◆ **ASSIGNMENT**
A faithful copy of all the entries is required, with no pictures in it.

+++

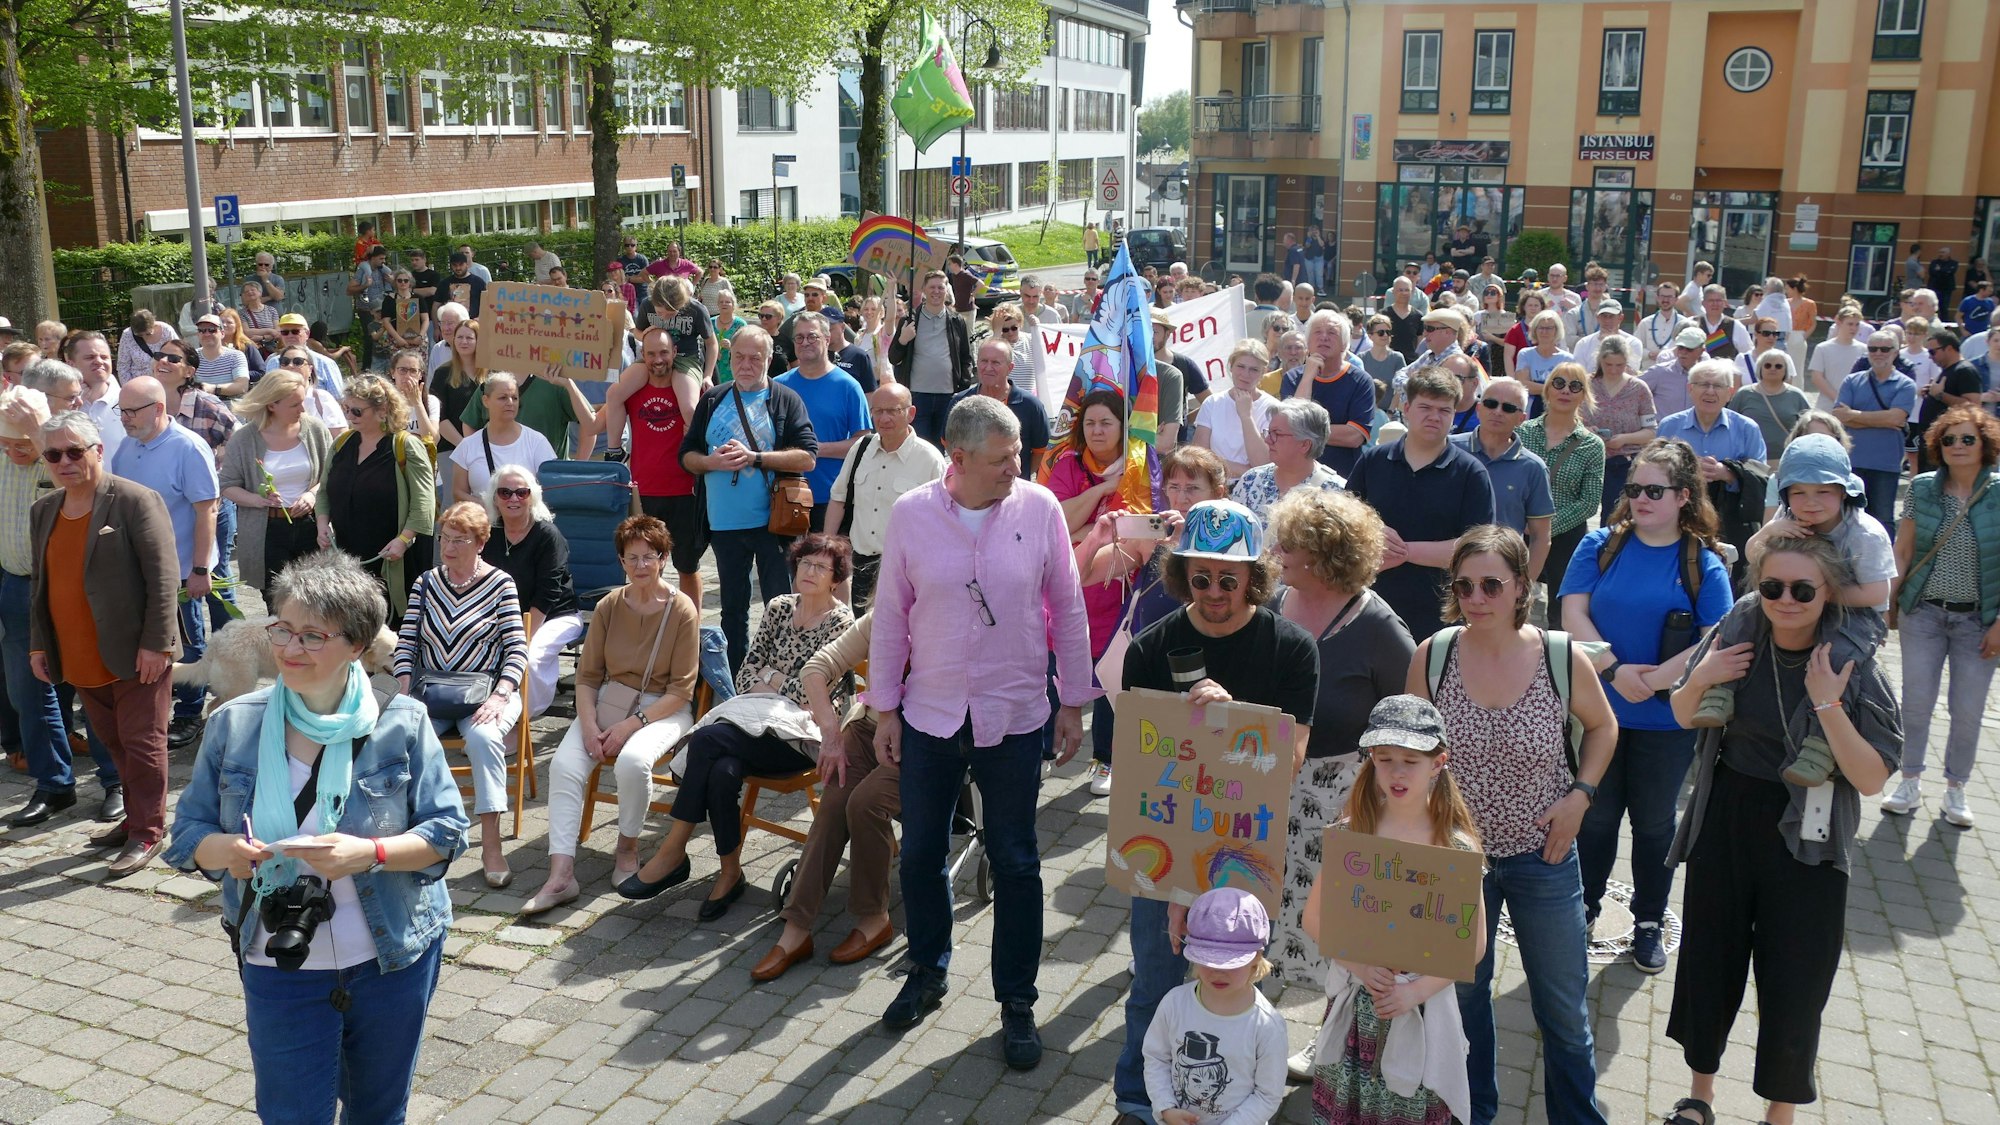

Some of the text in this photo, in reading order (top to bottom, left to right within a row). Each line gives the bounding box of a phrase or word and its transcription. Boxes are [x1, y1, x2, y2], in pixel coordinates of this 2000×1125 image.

[1583, 135, 1654, 148] ISTANBUL
[1580, 150, 1651, 160] FRISEUR
[674, 168, 682, 185] P
[1106, 189, 1115, 197] 20
[1356, 184, 1363, 192] 6
[1669, 193, 1682, 201] 4a
[218, 199, 233, 224] P
[913, 249, 931, 263] IND
[494, 322, 600, 342] Meine Freunde sind
[496, 344, 522, 359] alle
[646, 419, 676, 432] TRADEMARK
[1139, 718, 1197, 761] Das
[1155, 761, 1243, 800] Leben
[1139, 792, 1274, 842] ist bunt
[1343, 851, 1441, 886] Glitzer
[1351, 884, 1478, 940] für alle!

+++

◆ **THE ANSWER**
Some of the text in this photo, in reading order (top to bottom, left to right within a row). Each line gives the bounding box of a phrase or word and its transcription. Boxes are [x1, y1, x2, y2], in pixel coordinates of this 2000×1125 image.

[1583, 135, 1654, 148] ISTANBUL
[1580, 150, 1651, 160] FRISEUR
[674, 168, 682, 185] P
[1106, 189, 1115, 197] 20
[1356, 184, 1363, 192] 6
[1669, 193, 1682, 201] 4a
[218, 199, 233, 224] P
[913, 249, 931, 263] IND
[494, 322, 600, 342] Meine Freunde sind
[496, 344, 522, 359] alle
[646, 419, 676, 432] TRADEMARK
[1139, 718, 1197, 761] Das
[1155, 761, 1243, 800] Leben
[1139, 792, 1274, 842] ist bunt
[1343, 851, 1441, 886] Glitzer
[1351, 884, 1478, 940] für alle!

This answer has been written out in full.